Portfolio of Kimberly Johans

A collection of articles created during my stint as a journalist at The Macau Daily Times

Millenium school and Perth Institute join forces in education initiative

Posted by Kimberly on July 12, 2007

By Kimberly Johans
Published in The Macau Daily Times
July 12 2007, page 4 (989 words)


The Millennium Secondary School (Macau) signed a cooperation agreement yesterday with the Perth Institute (Western Australia) to launch joint Australian programs next year.
the agreement was signed by Mr Trevor Barker, Director of the Perth Institute and Mr Tsui Po Fung, principal of Millennium Secondary School.
Established in 1993, the Perth Institute will deliver its secretarial and business administrative programs in conjunction with Millennium School’s practical business administrative program.
The Perth Institute will also assist students of the Millennium school to achieve Certificate III and IV of Business Management under the Australian Qualifications Framework (AQF) system.
In addition, the Millennium school will provide a ‘Tourism and Event Management’ vocational program with the help of the Perth Institute in order to interchange and communicate at a later stage.
Mr Barker believed that with the growth in Macau’s hotel industry, it was necessary to have an improved planning environment for the hospitality industry.
“This is our first joint venture in Macau and we’re happy to do it with the Millennium Secondary School and are looking forward to developing a strong program for the betterment of the hospitality industry here in Macau,” he said.
He added that it was important, with the continued growth of tourism in Macau, “that the quality of teaching and the high standards of service is maintained.”
“The emphasis is on the practical component because this is the first step for anybody looking to work in the hospitality industry,” he said.
As Mr Barker said, the course will cover theory in the first year, focussing on financial skills in the second year, including “learning about financial control, quality control and marketing.”
“Our program in Australia leads into a Bachelor of Business degree in Hotel Management and as such the Advanced Diploma is based on the same ideals here.
“So we developed the program on the basis that students can graduate and work in a hotel environment of first class standard,” adding that the focus would be on front-of-house.
The Perth Institute has been established in China since 1991, having delivered joint hospitality programs in cooperation with six schools, including Hong Kong, which has a current intake of 60 students.
“As we were already in Hong Kong and China we thought it was a natural transition to do something in Macau.
“Macau’s environment is completely different to Hong Kong because of the casinos.
“I came here to visit a year ago and there really was a shortage of trained personnel so we saw the opportunity that we could provide some support to the industry,” said Mr Barker.
Asked whether the Institute was the only one to have such an arrangement with an educational establishment in Macau, Mr Barker said, “As far as I know, yes.
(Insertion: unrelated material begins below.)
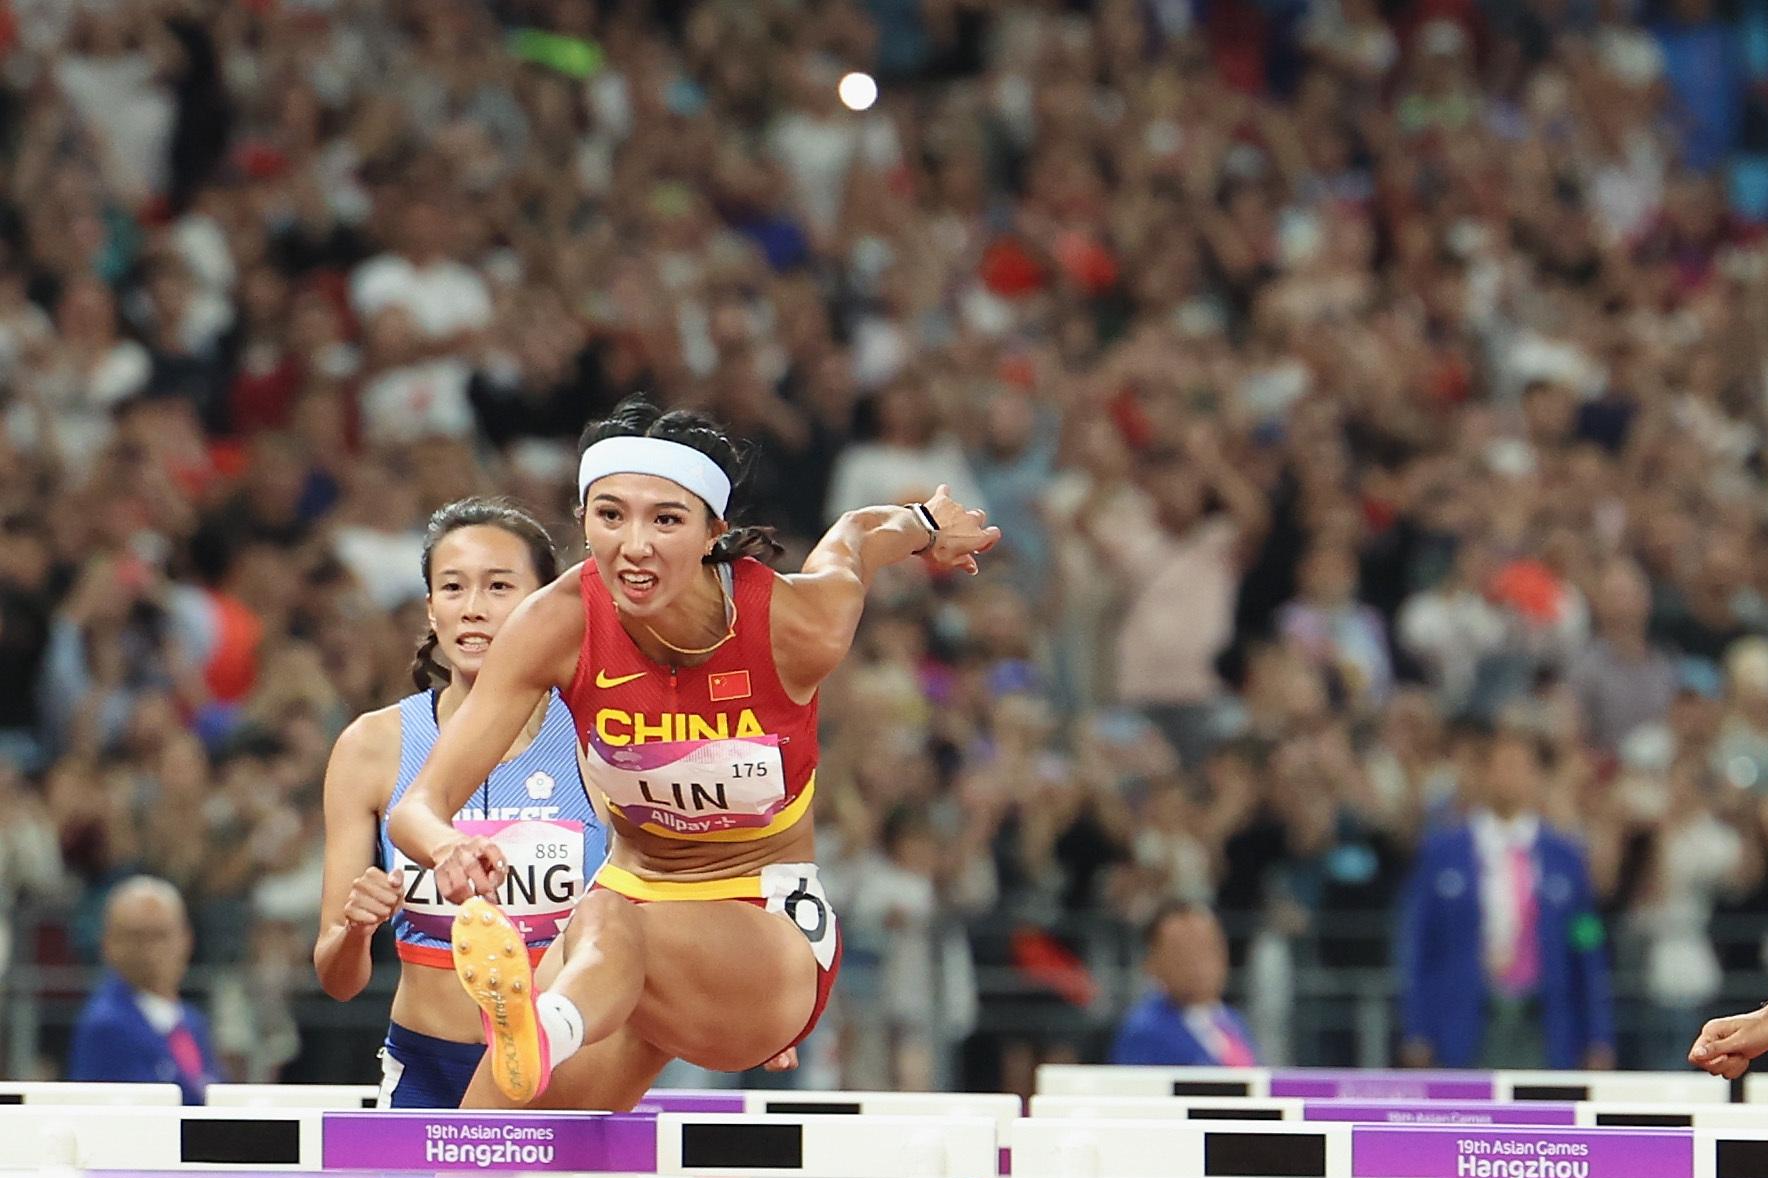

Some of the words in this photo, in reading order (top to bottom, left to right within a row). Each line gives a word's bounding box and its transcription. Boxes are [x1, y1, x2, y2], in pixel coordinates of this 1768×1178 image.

We were the first in China and we have a very good model. We’re just trying to emulate the model here.”
Students in Macau will also be provided with an opportunity to complete part of their program in Australia, although this is dependent on visa regulations.
“Absolutely. We are able to have students do part of the program here and then apply for a student visa to come to Australia to complete their program.
“As long as they meet the requirements of the Australian visa regulations, we’re very happy to support them,’ said Mr Barker.
With the costs of the course being quite low, at US$1,000 per year, Mr Barker said, “quite clearly it’s not a money-making exercise for our college.
“We’re already in the region. Macau is a growing tourism environment and I feel it’s a good prospect for our college to create a further association with the hotel industry here,” he said.
He added that such a connection could also mean an opportunity to train existing casino staff members on aspects of hospitality.
He said that, “by developing this relationship further there may be opportunities for our Hong Kong students to travel and work in Macau and there may be opportunities for our Chinese graduates.
“It honestly might be difficult to try and understand why we’re coming here and not making any money and possibly costing us money.
“I’m very proud of Australian education and I’m very proud of what our college has done and to achieve spending eight years in China establishing six joint ventures and over 700 students.
“I think it’s no problem to come to a place like Macau to help and as support and I think in the long term that will benefit our college in any case,” he said.
Mr Tsui added that there were expecting an intake of about “30 students” but also said, “of course I don’t expect all of them at the same time would like to get the Australian recognition,” but that most likely, about half the intake would be expected to take up this option.
The Millennium School will also be proposing cooperation with the Institute to open up several short-term community courses for Macau residents.
These courses would include, but are not limited to, responsible service of alcohol, event management, coffee making and hotel reception.
Mr Tsui took the opportunity to comment on the current vocational education policy, pointing out the inadequacies of the system in supporting adult students who wish to study while working.
“This is the first time I have commented on the government’s educational policy publicly. So no written paper has as yet been sent to the government.
“Our school will be cooperating with some other associations like the continuing education or higher education associations to write a paper to provide to the government, to a senior office like Mr Tsui Wai Kwan, instead of only to the education and youth services.
“I think they should pay attention, at least when the newspaper publicises such issues. They should also be concerned with this matter.
“I have faith that they will listen but I cannot guarantee because I’m not in power to change the law,” he said.